What you have to do:
Nothing in the records that follow should differ once you have copied them out.

Source material:
◆ ◆ ◆ ◆

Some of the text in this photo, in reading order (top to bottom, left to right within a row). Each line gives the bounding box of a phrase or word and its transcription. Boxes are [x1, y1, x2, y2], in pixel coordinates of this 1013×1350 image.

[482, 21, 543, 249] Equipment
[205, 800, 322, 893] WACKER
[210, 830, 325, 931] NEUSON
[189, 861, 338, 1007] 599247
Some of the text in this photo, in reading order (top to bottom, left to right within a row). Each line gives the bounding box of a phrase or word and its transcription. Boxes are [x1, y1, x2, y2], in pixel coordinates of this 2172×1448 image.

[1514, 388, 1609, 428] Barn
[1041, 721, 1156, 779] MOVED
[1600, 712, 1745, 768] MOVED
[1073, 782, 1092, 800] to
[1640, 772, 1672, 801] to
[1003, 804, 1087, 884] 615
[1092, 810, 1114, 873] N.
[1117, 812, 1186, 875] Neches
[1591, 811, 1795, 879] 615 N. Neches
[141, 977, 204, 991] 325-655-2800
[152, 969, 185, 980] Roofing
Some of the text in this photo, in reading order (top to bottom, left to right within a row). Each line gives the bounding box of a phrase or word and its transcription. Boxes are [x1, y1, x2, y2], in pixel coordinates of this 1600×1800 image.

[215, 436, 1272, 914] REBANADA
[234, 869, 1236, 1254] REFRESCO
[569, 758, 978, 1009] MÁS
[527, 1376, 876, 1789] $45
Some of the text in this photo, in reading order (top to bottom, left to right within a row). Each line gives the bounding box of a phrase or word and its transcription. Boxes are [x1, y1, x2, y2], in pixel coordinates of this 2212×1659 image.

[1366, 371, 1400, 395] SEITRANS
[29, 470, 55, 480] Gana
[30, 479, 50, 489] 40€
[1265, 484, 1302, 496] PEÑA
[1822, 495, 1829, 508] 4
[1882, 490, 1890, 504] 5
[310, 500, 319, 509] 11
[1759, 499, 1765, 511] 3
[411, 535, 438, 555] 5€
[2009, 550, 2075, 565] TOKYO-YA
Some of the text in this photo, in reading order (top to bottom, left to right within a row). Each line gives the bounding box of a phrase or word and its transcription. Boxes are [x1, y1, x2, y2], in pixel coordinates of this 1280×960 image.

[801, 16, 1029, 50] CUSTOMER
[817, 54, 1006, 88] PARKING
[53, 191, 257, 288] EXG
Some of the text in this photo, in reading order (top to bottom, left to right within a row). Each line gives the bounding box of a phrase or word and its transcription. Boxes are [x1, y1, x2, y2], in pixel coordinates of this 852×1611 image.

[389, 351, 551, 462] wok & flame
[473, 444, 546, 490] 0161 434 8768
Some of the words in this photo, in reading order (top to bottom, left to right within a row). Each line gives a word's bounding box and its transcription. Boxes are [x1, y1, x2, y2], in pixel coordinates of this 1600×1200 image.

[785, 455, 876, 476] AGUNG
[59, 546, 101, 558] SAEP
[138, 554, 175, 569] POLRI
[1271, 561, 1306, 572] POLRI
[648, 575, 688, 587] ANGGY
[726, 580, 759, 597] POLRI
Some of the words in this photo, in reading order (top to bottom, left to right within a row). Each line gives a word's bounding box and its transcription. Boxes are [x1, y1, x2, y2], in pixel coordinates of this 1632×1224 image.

◆ ◆ ◆ ◆

Solution to this task:
Some of the text in this photo, in reading order (top to bottom, left to right within a row). Each line gives the bounding box of a phrase or word and its transcription. Boxes are [x1, y1, x2, y2], in pixel coordinates of this 1013×1350 image.

[482, 21, 543, 249] Equipment
[205, 800, 322, 893] WACKER
[210, 830, 325, 931] NEUSON
[189, 861, 338, 1007] 599247
Some of the text in this photo, in reading order (top to bottom, left to right within a row). Each line gives the bounding box of a phrase or word and its transcription. Boxes are [x1, y1, x2, y2], in pixel coordinates of this 2172×1448 image.

[1514, 388, 1609, 428] Barn
[1041, 721, 1156, 779] MOVED
[1600, 712, 1745, 768] MOVED
[1073, 782, 1092, 800] to
[1640, 772, 1672, 801] to
[1003, 804, 1087, 884] 615
[1092, 810, 1114, 873] N.
[1117, 812, 1186, 875] Neches
[1591, 811, 1795, 879] 615 N. Neches
[141, 977, 204, 991] 325-655-2800
[152, 969, 185, 980] Roofing
Some of the text in this photo, in reading order (top to bottom, left to right within a row). Each line gives the bounding box of a phrase or word and its transcription. Boxes are [x1, y1, x2, y2], in pixel coordinates of this 1600×1800 image.

[215, 436, 1272, 914] REBANADA
[234, 869, 1236, 1254] REFRESCO
[569, 758, 978, 1009] MÁS
[527, 1376, 876, 1789] $45
Some of the text in this photo, in reading order (top to bottom, left to right within a row). Each line gives the bounding box of a phrase or word and its transcription. Boxes are [x1, y1, x2, y2], in pixel coordinates of this 2212×1659 image.

[1366, 371, 1400, 395] SEITRANS
[29, 470, 55, 480] Gana
[30, 479, 50, 489] 40€
[1265, 484, 1302, 496] PEÑA
[1822, 495, 1829, 508] 4
[1882, 490, 1890, 504] 5
[310, 500, 319, 509] 11
[1759, 499, 1765, 511] 3
[411, 535, 438, 555] 5€
[2009, 550, 2075, 565] TOKYO-YA
Some of the text in this photo, in reading order (top to bottom, left to right within a row). Each line gives the bounding box of a phrase or word and its transcription. Boxes are [x1, y1, x2, y2], in pixel coordinates of this 1280×960 image.

[801, 16, 1029, 50] CUSTOMER
[817, 54, 1006, 88] PARKING
[53, 191, 257, 288] EXG
Some of the text in this photo, in reading order (top to bottom, left to right within a row). Each line gives the bounding box of a phrase or word and its transcription. Boxes are [x1, y1, x2, y2], in pixel coordinates of this 852×1611 image.

[389, 351, 551, 462] wok & flame
[473, 444, 546, 490] 0161 434 8768
Some of the words in this photo, in reading order (top to bottom, left to right within a row). Each line gives a word's bounding box and its transcription. Boxes are [x1, y1, x2, y2], in pixel coordinates of this 1600×1200 image.

[785, 455, 876, 476] AGUNG
[59, 546, 101, 558] SAEP
[138, 554, 175, 569] POLRI
[1271, 561, 1306, 572] POLRI
[648, 575, 688, 587] ANGGY
[726, 580, 759, 597] POLRI
Some of the words in this photo, in reading order (top to bottom, left to right within a row). Each line gives a word's bounding box and its transcription. Boxes are [x1, y1, x2, y2], in pixel coordinates of this 1632×1224 image.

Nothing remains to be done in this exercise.